- INFORMATION SHOWN
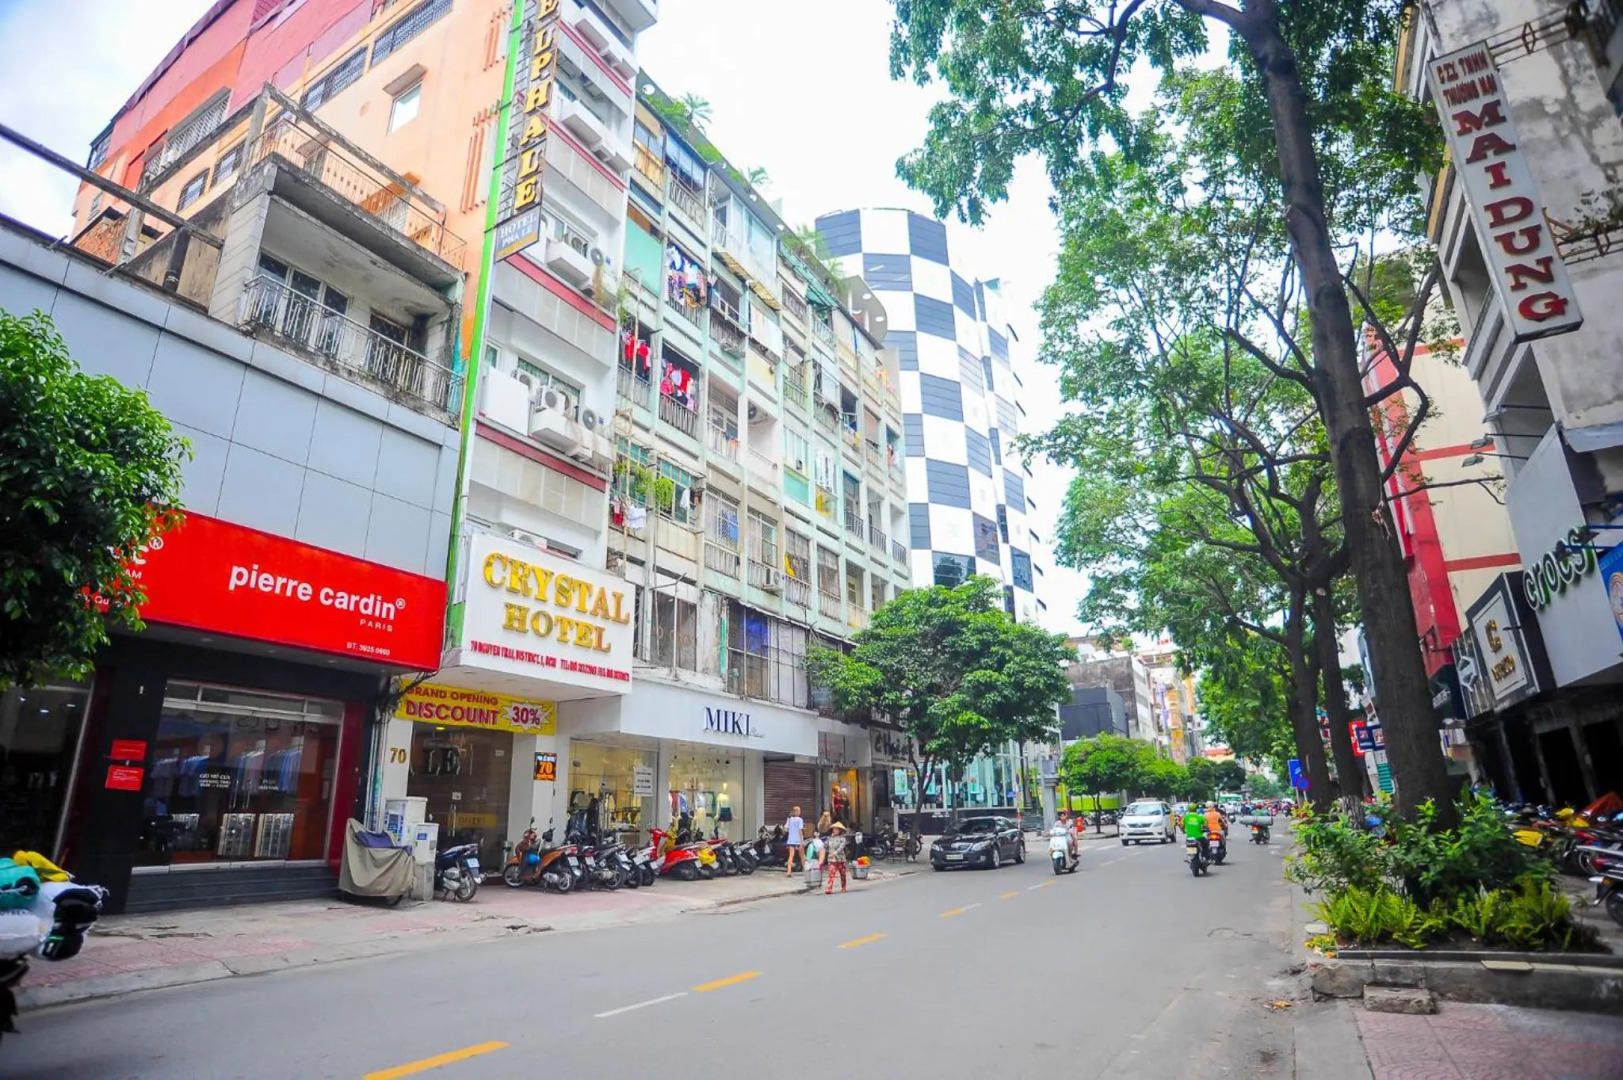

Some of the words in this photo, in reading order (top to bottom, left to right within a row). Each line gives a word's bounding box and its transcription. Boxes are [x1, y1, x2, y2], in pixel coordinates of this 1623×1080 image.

[1522, 525, 1593, 611] crocs
[228, 563, 313, 602] pierre
[483, 552, 630, 625] CRYSTAL
[360, 618, 393, 632] PARIS
[503, 602, 611, 653] HOTEL
[406, 686, 447, 699] GRAND
[450, 691, 499, 706] OPENING
[405, 700, 500, 725] DISCOUNT
[512, 705, 541, 726] 30%
[704, 706, 750, 736] MIKI
[390, 747, 407, 764] 70
[539, 761, 553, 776] 70
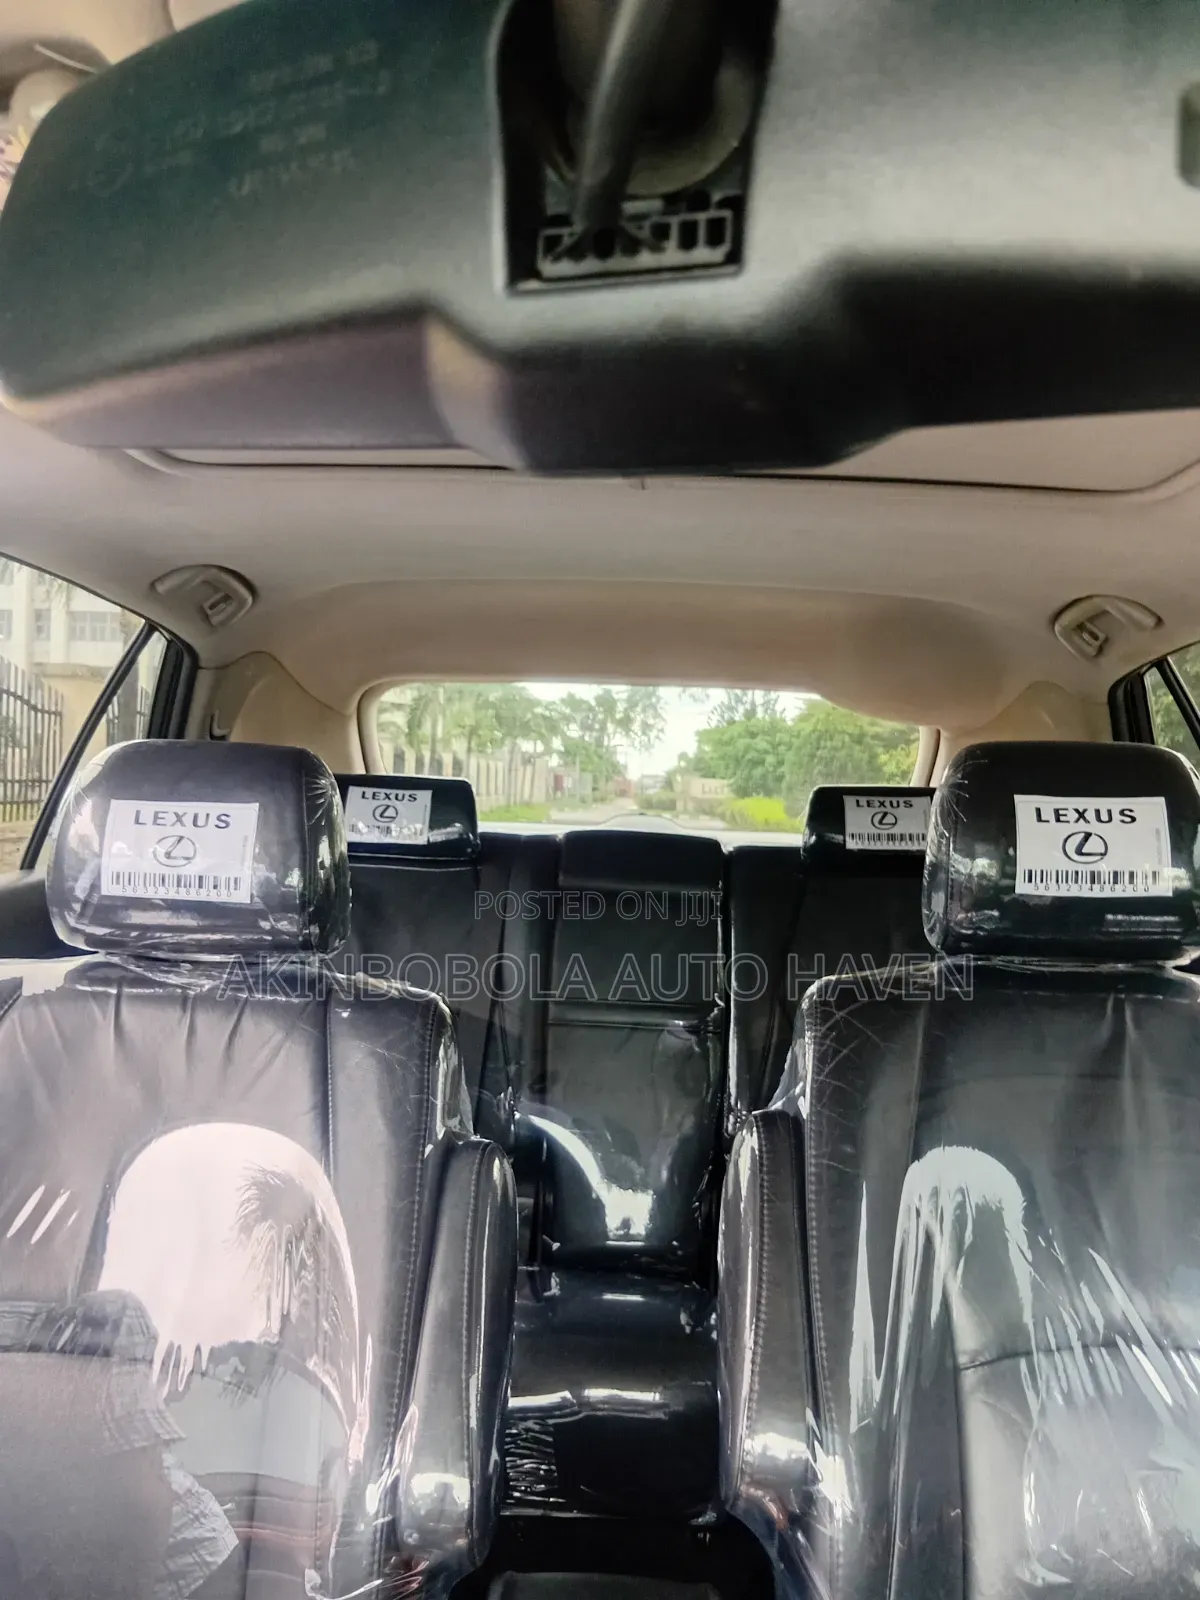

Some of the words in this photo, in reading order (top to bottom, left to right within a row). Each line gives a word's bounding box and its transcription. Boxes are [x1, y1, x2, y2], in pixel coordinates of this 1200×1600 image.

[361, 791, 418, 803] LEXUS
[855, 799, 914, 809] LEXUS
[134, 809, 233, 830] LEXUS
[1035, 807, 1137, 824] LEXUS

- WHAT YOU SHOULD DO
When repeating the listing, keep each line exact and exclude the pictures.

- REPLY
Some of the words in this photo, in reading order (top to bottom, left to right within a row). Each line gives a word's bounding box and its transcription. Boxes are [x1, y1, x2, y2], in pixel coordinates of this 1623×1080 image.

[1522, 525, 1593, 611] crocs
[228, 563, 313, 602] pierre
[483, 552, 630, 625] CRYSTAL
[360, 618, 393, 632] PARIS
[503, 602, 611, 653] HOTEL
[406, 686, 447, 699] GRAND
[450, 691, 499, 706] OPENING
[405, 700, 500, 725] DISCOUNT
[512, 705, 541, 726] 30%
[704, 706, 750, 736] MIKI
[390, 747, 407, 764] 70
[539, 761, 553, 776] 70

Some of the words in this photo, in reading order (top to bottom, left to right within a row). Each line gives a word's bounding box and its transcription. Boxes are [x1, y1, x2, y2], in pixel coordinates of this 1200×1600 image.

[361, 791, 418, 803] LEXUS
[855, 799, 914, 809] LEXUS
[134, 809, 233, 830] LEXUS
[1035, 807, 1137, 824] LEXUS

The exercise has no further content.